AI remote monitoring systems are another solution that will assist in determining what resources are required in care facilities and reduce the need for more workers during a shortage in healthcare staff. They can track and analyze patient vital signs in real time and quickly detect anomalies, which will be particularly beneficial for patients with chronic conditions or for those living in remote areas where access to healthcare facilities and distance are significant barriers. This approach could improve the overall quality of care and reduce the need for travelling nurses while optimizing system management.
3. Administrative tasks
AI can automate administrative tasks such as clinical documentation, support real-time staffing schedules, improve billing accuracy, reduce clinicians’ administrative burden, and allow them more time to focus on patient care. By optimizing clinic scheduling, scheduling software can improve care coordination and patient experiences by analyzing critical metrics such as frequency of visits, intensity of symptoms, and appointment preferences. Where staffing shortages exist, AI can help alleviate this burden with voice-to-text transcription, report writing, and prescription management. AI can process large amounts of data on a daily basis, reducing the time staff spends on administrative tasks.
4. System management
AI can also strengthen healthcare system management through improved bed utilization. The Canadian population is ageing, and predicting capacity and adjusting resources will become more important for managing healthcare resources effectively. This management could include optimizing supply and demand to minimize workforce shortfalls, a major priority across the Canadian healthcare system. It could also ensure accurate forecasting and the assignment of physicians, nurses, and other health professionals where they are most needed.

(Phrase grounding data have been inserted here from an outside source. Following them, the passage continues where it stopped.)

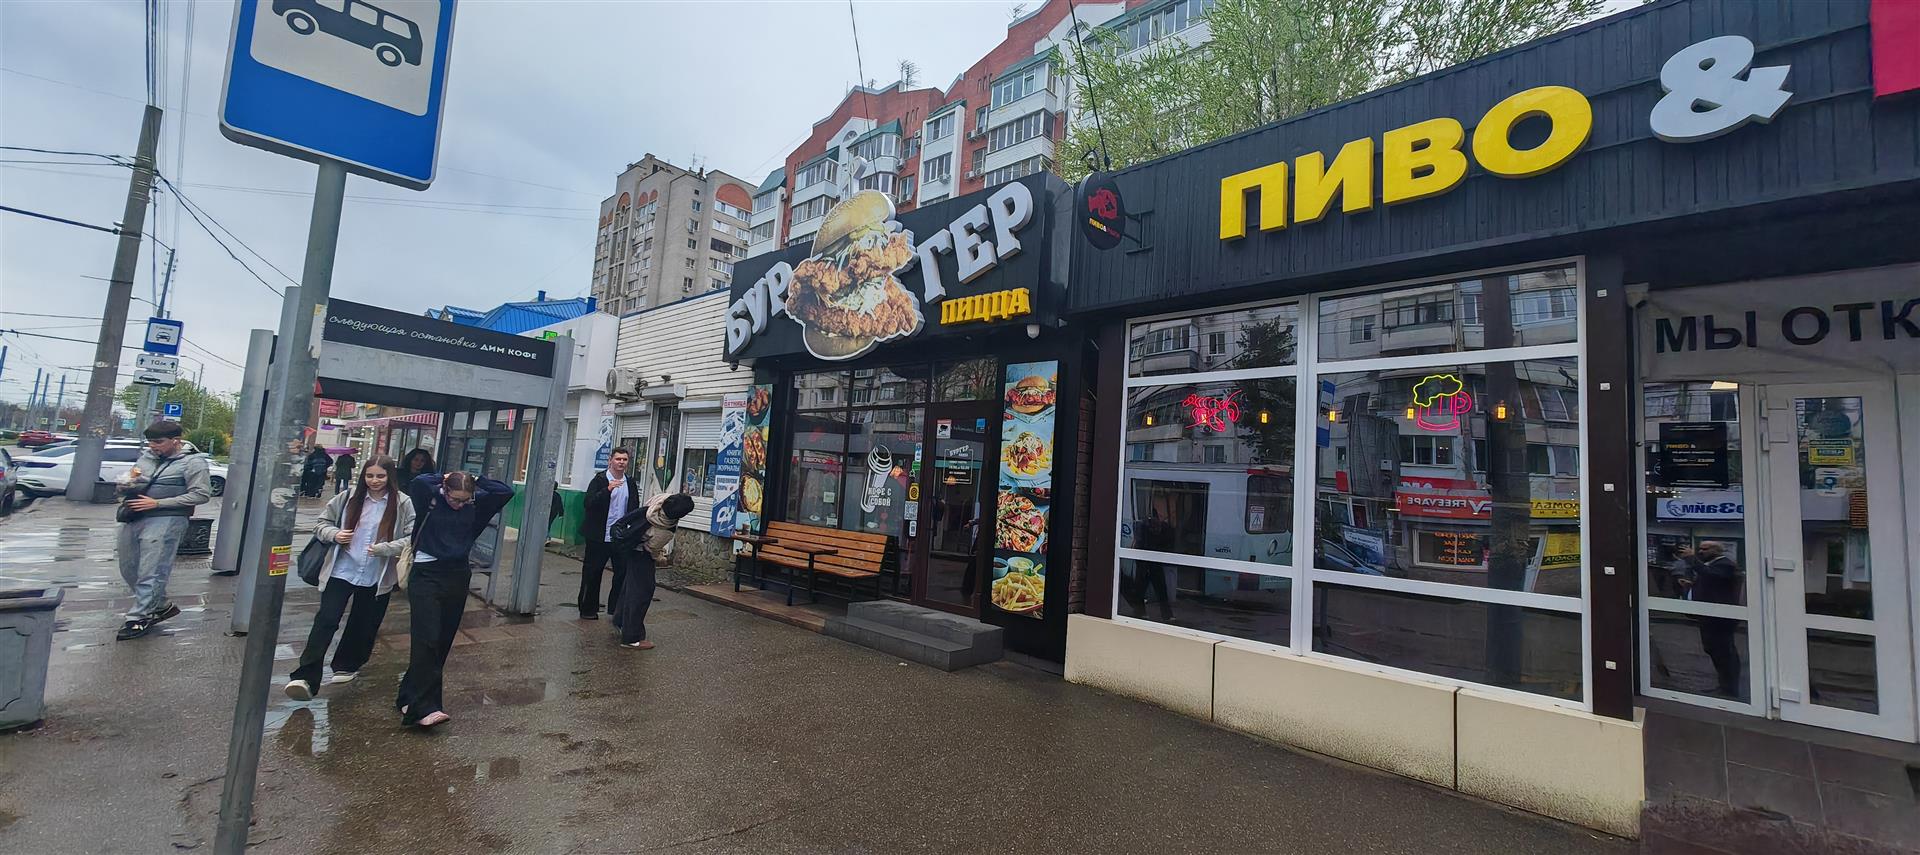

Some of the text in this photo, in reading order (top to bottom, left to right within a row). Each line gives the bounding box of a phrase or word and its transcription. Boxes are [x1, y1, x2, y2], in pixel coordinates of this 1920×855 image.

[1219, 35, 1794, 241] ПИВО &
[725, 181, 1034, 355] БУР ГЕР
[939, 287, 1032, 326] ПИЦЦА
[410, 329, 479, 350] остановка
[479, 342, 506, 355] ДИМ
[507, 347, 538, 361] КОФЕ
[1655, 311, 1758, 354] МЫ
[867, 487, 892, 496] КОФЕ С
[869, 496, 892, 507] СОБОЙ

5. Robot-assisted surgeries
Using AI systems to assist with surgeries shows promise for increasing precision and relieving nursing aftercare. These robotic systems can integrate pre-operative medical records and present metrics in real time to surgeons. They have been most successful so far in delicate and complex surgeries. These procedures are minimally invasive, so they result in faster recoveries and shorter hospital stays, allowing hospitals to increase the number of surgeries while reducing the time spent in hospital for patients.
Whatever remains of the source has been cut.